* **Material shown**
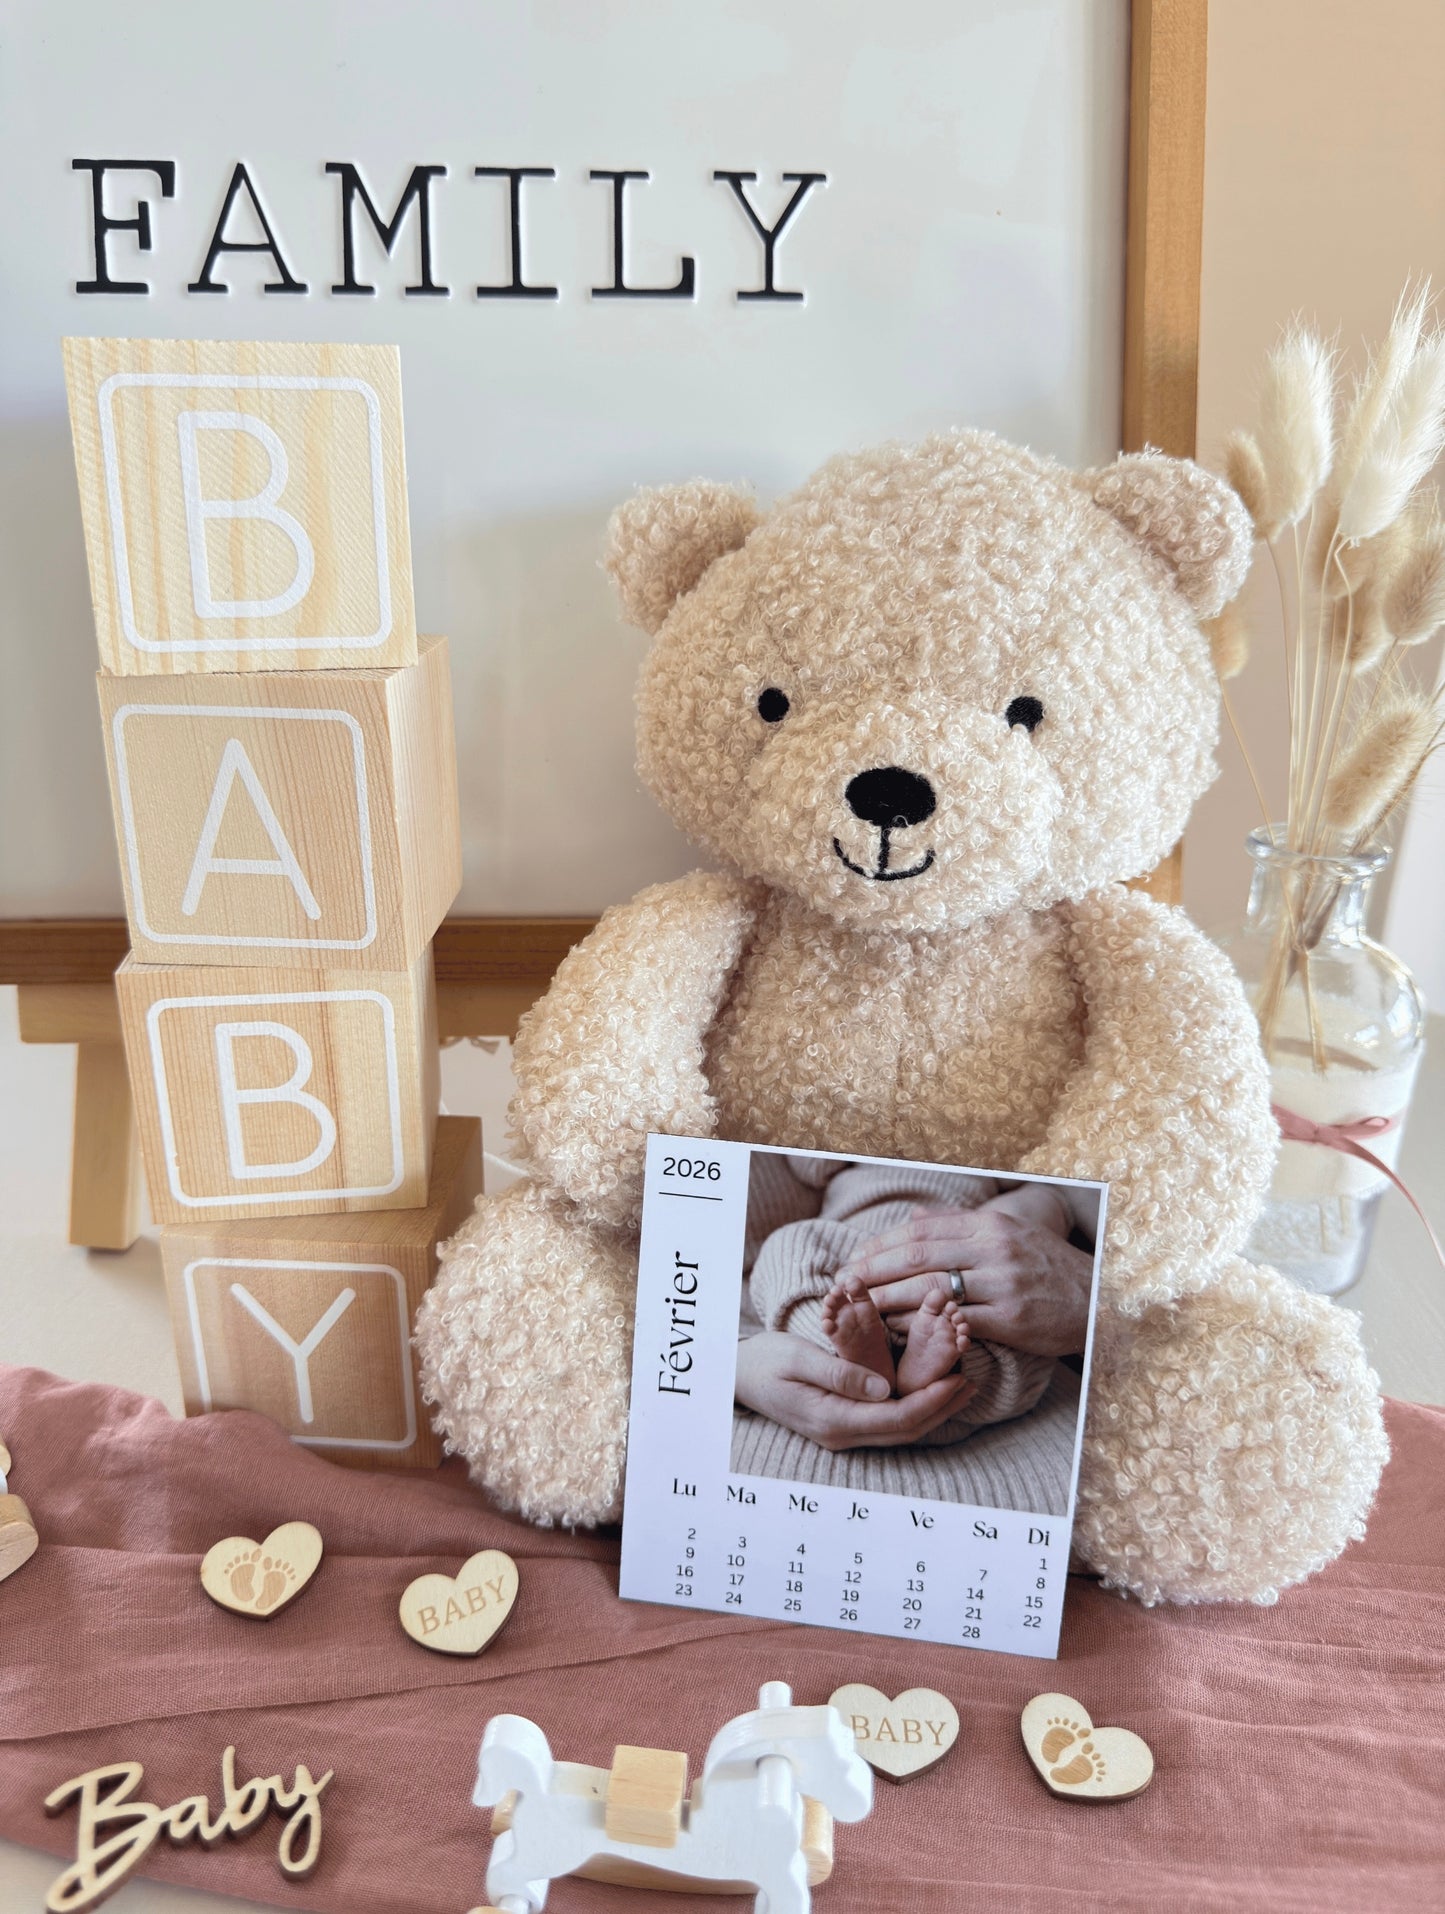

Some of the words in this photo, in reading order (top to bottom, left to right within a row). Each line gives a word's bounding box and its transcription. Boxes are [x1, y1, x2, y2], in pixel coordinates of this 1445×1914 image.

[72, 157, 828, 303] FAMILY
[662, 1156, 722, 1182] 2026
[657, 1250, 700, 1397] Février
[671, 1477, 697, 1498] Lu
[725, 1484, 757, 1506] Ma
[787, 1493, 819, 1514] Me
[846, 1501, 870, 1521] Je
[909, 1510, 935, 1530] Ve
[972, 1520, 999, 1541] Sa
[1027, 1527, 1051, 1547] Di
[685, 1546, 695, 1560] 9
[727, 1554, 746, 1568] 10
[787, 1561, 805, 1575] 11
[844, 1570, 862, 1584] 12
[906, 1578, 925, 1593] 13
[965, 1587, 985, 1601] 14
[1024, 1595, 1044, 1609] 15
[687, 1527, 697, 1541] 2
[737, 1536, 747, 1550] 3
[796, 1543, 806, 1556] 4
[853, 1552, 863, 1566] 5
[915, 1560, 926, 1574] 6
[978, 1569, 988, 1582] 7
[1035, 1576, 1046, 1590] 8
[1039, 1558, 1048, 1571] 1
[416, 1574, 506, 1636] BABY
[674, 1582, 693, 1597] 23
[724, 1591, 743, 1606] 24
[783, 1598, 802, 1612] 25
[839, 1607, 858, 1622] 26
[902, 1616, 922, 1630] 27
[961, 1625, 981, 1640] 28
[675, 1564, 694, 1578] 16
[729, 1573, 745, 1586] 17
[785, 1579, 803, 1593] 18
[841, 1588, 860, 1603] 19
[902, 1597, 923, 1612] 20
[964, 1606, 983, 1621] 21
[1022, 1614, 1042, 1629] 22
[849, 1714, 947, 1746] BABY
[43, 1745, 335, 1914] Baby

* **Task instructions**
All records above should be duplicated exactly, with the pictures omitted.

* **Solution for this task**
Some of the words in this photo, in reading order (top to bottom, left to right within a row). Each line gives a word's bounding box and its transcription. Boxes are [x1, y1, x2, y2], in pixel coordinates of this 1445×1914 image.

[72, 157, 828, 303] FAMILY
[662, 1156, 722, 1182] 2026
[657, 1250, 700, 1397] Février
[671, 1477, 697, 1498] Lu
[725, 1484, 757, 1506] Ma
[787, 1493, 819, 1514] Me
[846, 1501, 870, 1521] Je
[909, 1510, 935, 1530] Ve
[972, 1520, 999, 1541] Sa
[1027, 1527, 1051, 1547] Di
[685, 1546, 695, 1560] 9
[727, 1554, 746, 1568] 10
[787, 1561, 805, 1575] 11
[844, 1570, 862, 1584] 12
[906, 1578, 925, 1593] 13
[965, 1587, 985, 1601] 14
[1024, 1595, 1044, 1609] 15
[687, 1527, 697, 1541] 2
[737, 1536, 747, 1550] 3
[796, 1543, 806, 1556] 4
[853, 1552, 863, 1566] 5
[915, 1560, 926, 1574] 6
[978, 1569, 988, 1582] 7
[1035, 1576, 1046, 1590] 8
[1039, 1558, 1048, 1571] 1
[416, 1574, 506, 1636] BABY
[674, 1582, 693, 1597] 23
[724, 1591, 743, 1606] 24
[783, 1598, 802, 1612] 25
[839, 1607, 858, 1622] 26
[902, 1616, 922, 1630] 27
[961, 1625, 981, 1640] 28
[675, 1564, 694, 1578] 16
[729, 1573, 745, 1586] 17
[785, 1579, 803, 1593] 18
[841, 1588, 860, 1603] 19
[902, 1597, 923, 1612] 20
[964, 1606, 983, 1621] 21
[1022, 1614, 1042, 1629] 22
[849, 1714, 947, 1746] BABY
[43, 1745, 335, 1914] Baby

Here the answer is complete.